┌─ DATA TO USE

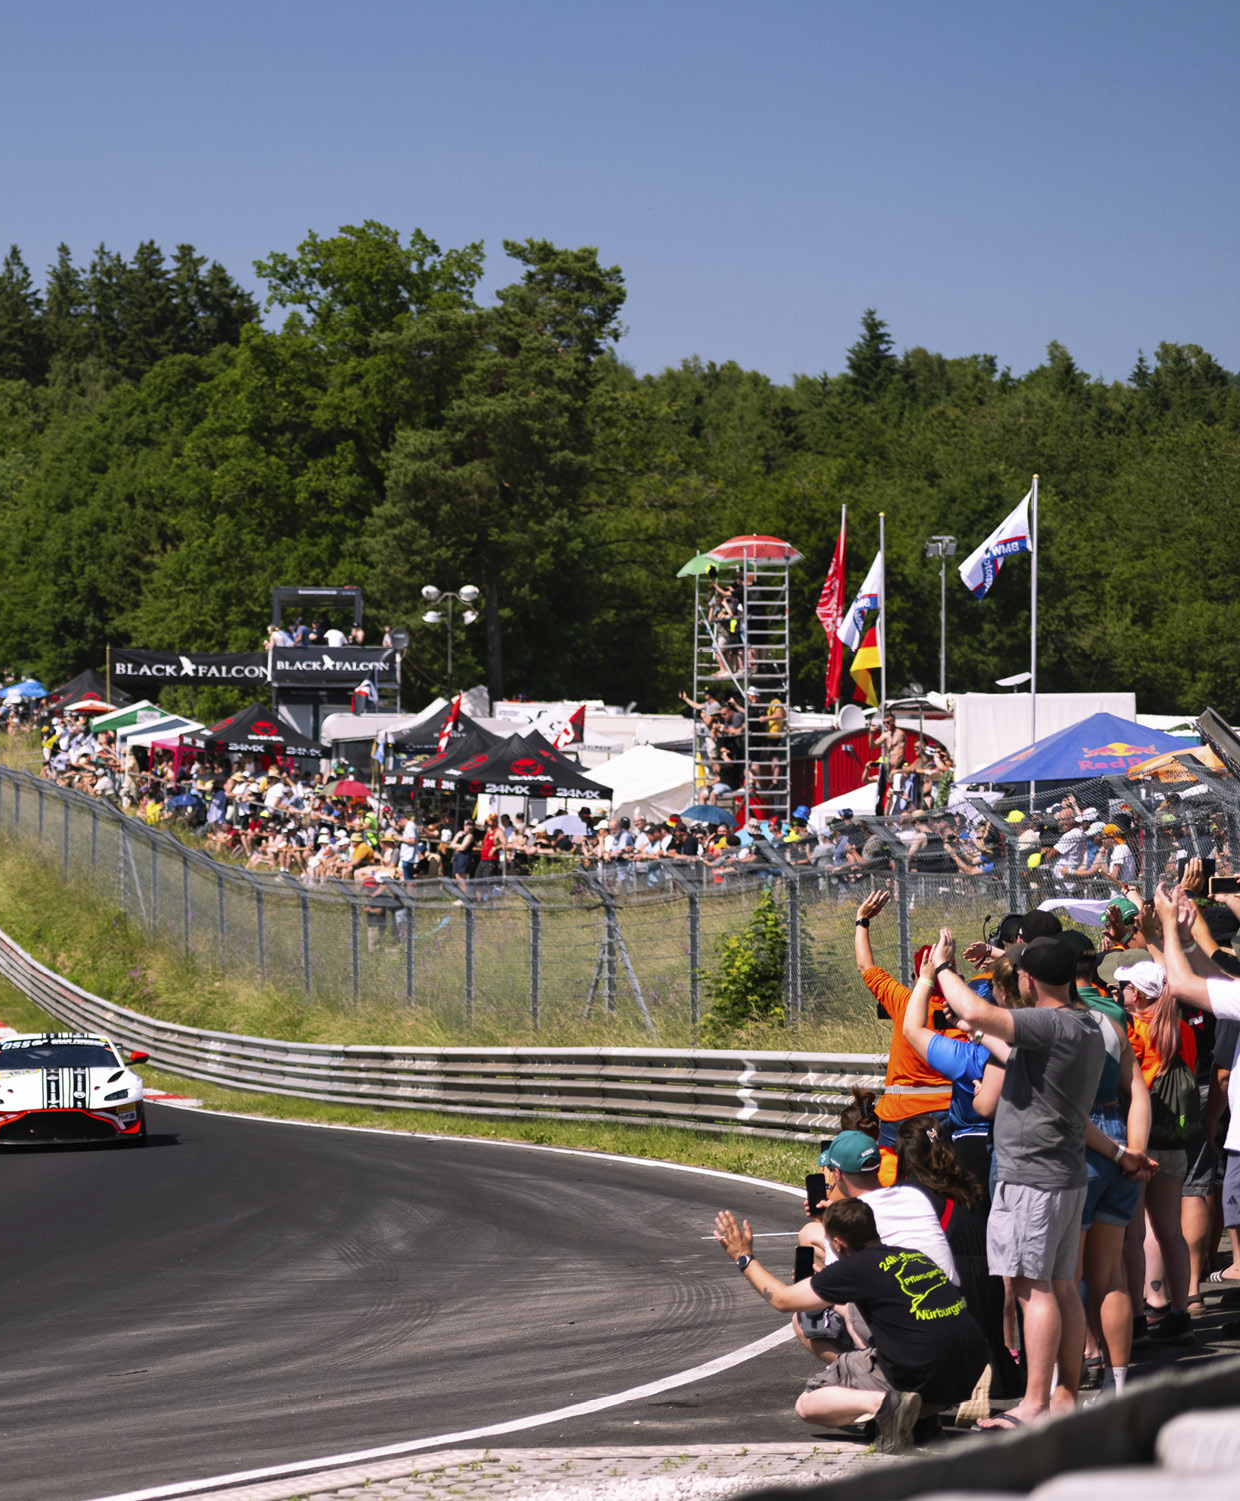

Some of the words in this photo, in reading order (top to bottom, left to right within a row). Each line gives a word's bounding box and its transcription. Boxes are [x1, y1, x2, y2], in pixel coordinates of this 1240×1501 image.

[115, 663, 179, 678] BLACK
[197, 665, 268, 678] FALCON
[276, 660, 322, 671] BLACK
[333, 661, 389, 671] FALCON
[228, 742, 265, 753] 24MX
[285, 746, 322, 757] 24MX
[1077, 758, 1125, 770] Red
[485, 783, 531, 795] 24MX
[556, 787, 601, 799] 24MX

└─

- [TASK DETAILS]: The answer must repeat every record exactly, with all pictures left out.

- [EXERCISE ANSWER]:
Some of the words in this photo, in reading order (top to bottom, left to right within a row). Each line gives a word's bounding box and its transcription. Boxes are [x1, y1, x2, y2], in pixel coordinates of this 1240×1501 image.

[115, 663, 179, 678] BLACK
[197, 665, 268, 678] FALCON
[276, 660, 322, 671] BLACK
[333, 661, 389, 671] FALCON
[228, 742, 265, 753] 24MX
[285, 746, 322, 757] 24MX
[1077, 758, 1125, 770] Red
[485, 783, 531, 795] 24MX
[556, 787, 601, 799] 24MX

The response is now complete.